Nebraska was admitted into the union as the 37th state in the United States on March 1, 1867. Prior to this date, the area was settled mainly by people seeking fortune during the California Gold rush of 1848 and during the passage of the Homestead act in 1862.Continue Reading
The area of land that would become Nebraska was first explored by the European explorer René-Robert Cavelier, Sieur de La Salle in 1682. However, it would be the explorer Etienne de Bourgmont who would give the first closest approximation to the states name. In 1714, he explored from the mouth of the Missouri River towards the Platte River, which he called the Nebraskier River.
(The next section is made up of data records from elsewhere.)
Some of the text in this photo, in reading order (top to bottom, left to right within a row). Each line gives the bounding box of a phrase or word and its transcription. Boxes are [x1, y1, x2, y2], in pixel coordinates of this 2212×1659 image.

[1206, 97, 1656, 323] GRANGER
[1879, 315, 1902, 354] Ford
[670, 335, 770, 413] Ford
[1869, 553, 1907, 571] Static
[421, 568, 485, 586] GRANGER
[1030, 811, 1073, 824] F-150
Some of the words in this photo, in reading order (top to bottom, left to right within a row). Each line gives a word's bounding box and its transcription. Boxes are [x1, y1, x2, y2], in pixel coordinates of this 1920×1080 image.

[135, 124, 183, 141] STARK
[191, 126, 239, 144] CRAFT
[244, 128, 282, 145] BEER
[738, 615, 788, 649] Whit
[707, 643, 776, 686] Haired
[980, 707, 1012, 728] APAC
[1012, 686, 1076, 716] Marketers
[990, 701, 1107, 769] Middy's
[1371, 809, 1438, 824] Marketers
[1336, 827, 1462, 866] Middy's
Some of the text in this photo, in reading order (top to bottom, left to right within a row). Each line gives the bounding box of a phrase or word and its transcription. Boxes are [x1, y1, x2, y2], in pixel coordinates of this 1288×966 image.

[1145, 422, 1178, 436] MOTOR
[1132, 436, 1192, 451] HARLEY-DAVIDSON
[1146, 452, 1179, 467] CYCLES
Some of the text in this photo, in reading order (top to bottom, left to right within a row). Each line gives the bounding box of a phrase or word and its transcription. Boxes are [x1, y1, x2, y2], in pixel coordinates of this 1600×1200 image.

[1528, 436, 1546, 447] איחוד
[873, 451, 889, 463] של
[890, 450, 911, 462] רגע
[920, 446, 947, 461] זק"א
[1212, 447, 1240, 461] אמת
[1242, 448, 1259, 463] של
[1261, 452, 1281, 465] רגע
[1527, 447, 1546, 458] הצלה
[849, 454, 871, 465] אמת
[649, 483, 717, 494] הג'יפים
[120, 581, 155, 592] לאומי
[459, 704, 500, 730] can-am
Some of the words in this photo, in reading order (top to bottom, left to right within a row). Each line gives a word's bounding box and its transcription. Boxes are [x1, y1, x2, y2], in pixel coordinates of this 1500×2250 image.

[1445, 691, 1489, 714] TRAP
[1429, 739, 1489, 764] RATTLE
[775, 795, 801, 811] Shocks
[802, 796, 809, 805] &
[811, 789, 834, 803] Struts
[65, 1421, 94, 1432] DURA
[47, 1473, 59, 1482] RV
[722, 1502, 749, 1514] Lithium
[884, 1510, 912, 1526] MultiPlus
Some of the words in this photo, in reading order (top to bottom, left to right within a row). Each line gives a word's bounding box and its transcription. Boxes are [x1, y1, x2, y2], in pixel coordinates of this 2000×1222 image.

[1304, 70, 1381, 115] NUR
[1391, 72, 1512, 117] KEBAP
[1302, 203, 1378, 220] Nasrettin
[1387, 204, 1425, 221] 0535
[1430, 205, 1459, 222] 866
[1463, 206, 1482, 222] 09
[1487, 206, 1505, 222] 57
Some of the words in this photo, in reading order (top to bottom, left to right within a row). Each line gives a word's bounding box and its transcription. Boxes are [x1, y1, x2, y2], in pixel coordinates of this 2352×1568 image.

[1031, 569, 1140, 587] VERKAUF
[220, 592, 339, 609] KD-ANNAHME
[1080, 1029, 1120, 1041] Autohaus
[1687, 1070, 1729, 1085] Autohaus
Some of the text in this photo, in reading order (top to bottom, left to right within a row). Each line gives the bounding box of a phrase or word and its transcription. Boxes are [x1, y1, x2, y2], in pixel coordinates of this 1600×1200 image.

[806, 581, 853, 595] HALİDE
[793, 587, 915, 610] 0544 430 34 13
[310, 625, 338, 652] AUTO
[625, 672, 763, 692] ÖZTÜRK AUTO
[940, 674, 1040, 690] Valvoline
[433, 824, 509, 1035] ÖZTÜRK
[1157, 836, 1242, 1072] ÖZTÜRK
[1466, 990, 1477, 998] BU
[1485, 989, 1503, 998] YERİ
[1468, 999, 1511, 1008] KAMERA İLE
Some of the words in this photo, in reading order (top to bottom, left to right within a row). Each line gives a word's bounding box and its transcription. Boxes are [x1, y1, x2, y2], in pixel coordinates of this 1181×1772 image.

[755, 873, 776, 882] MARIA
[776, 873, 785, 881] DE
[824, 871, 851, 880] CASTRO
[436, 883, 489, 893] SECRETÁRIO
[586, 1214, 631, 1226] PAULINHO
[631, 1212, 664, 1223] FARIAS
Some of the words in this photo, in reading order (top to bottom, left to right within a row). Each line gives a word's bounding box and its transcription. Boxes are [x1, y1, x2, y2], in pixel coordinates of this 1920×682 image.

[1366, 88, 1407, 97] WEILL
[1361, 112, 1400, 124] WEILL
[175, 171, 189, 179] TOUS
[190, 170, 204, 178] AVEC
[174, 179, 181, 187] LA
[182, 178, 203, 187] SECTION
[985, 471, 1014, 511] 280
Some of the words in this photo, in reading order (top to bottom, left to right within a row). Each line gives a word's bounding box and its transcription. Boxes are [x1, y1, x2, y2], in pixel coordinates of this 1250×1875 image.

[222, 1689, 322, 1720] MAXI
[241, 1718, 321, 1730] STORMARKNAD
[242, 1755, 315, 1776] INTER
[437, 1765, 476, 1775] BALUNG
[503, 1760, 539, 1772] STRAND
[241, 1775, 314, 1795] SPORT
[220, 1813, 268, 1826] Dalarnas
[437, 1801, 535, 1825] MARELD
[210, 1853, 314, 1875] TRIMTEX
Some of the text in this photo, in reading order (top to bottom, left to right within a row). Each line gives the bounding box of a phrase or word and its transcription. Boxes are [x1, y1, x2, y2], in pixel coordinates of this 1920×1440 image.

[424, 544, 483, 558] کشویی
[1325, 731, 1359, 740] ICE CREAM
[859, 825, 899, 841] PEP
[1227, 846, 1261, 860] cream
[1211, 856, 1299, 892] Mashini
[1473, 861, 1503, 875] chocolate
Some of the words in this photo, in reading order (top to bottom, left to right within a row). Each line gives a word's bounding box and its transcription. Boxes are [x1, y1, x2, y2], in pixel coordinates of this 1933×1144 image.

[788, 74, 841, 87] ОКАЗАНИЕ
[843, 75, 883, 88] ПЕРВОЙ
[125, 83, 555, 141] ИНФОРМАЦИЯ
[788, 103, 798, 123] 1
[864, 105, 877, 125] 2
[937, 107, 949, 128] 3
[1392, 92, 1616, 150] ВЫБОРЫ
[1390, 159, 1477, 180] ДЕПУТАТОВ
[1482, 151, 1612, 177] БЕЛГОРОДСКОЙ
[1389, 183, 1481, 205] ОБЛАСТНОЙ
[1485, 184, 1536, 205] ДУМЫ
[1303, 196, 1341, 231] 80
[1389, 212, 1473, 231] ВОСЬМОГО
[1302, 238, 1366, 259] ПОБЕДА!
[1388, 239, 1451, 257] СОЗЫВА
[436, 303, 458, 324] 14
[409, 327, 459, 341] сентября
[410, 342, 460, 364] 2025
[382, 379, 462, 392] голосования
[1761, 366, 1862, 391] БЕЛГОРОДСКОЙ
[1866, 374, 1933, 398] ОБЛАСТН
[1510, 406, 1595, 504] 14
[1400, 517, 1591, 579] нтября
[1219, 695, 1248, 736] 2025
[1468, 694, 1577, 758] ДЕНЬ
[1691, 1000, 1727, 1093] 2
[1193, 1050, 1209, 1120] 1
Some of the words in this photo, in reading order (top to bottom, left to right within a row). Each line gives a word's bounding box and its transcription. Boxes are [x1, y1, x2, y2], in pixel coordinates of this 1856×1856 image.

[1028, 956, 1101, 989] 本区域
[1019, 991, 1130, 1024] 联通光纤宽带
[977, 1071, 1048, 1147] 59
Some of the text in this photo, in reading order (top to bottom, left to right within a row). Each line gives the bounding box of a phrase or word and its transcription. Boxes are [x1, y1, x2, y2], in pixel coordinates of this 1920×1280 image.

It would take until the purchase of the Louisiana territory in 1803 for the United States to actually claim the area of Nebraska. Later, the Kansas-Nebraska act of 1854 would see the territory split down the 40th parallel, forming the first territorial boundaries of the state. However, through acts such as the ones that added the Colorado territory and the Idaho territory, Nebraska's size shrank, eventually reaching the size known today.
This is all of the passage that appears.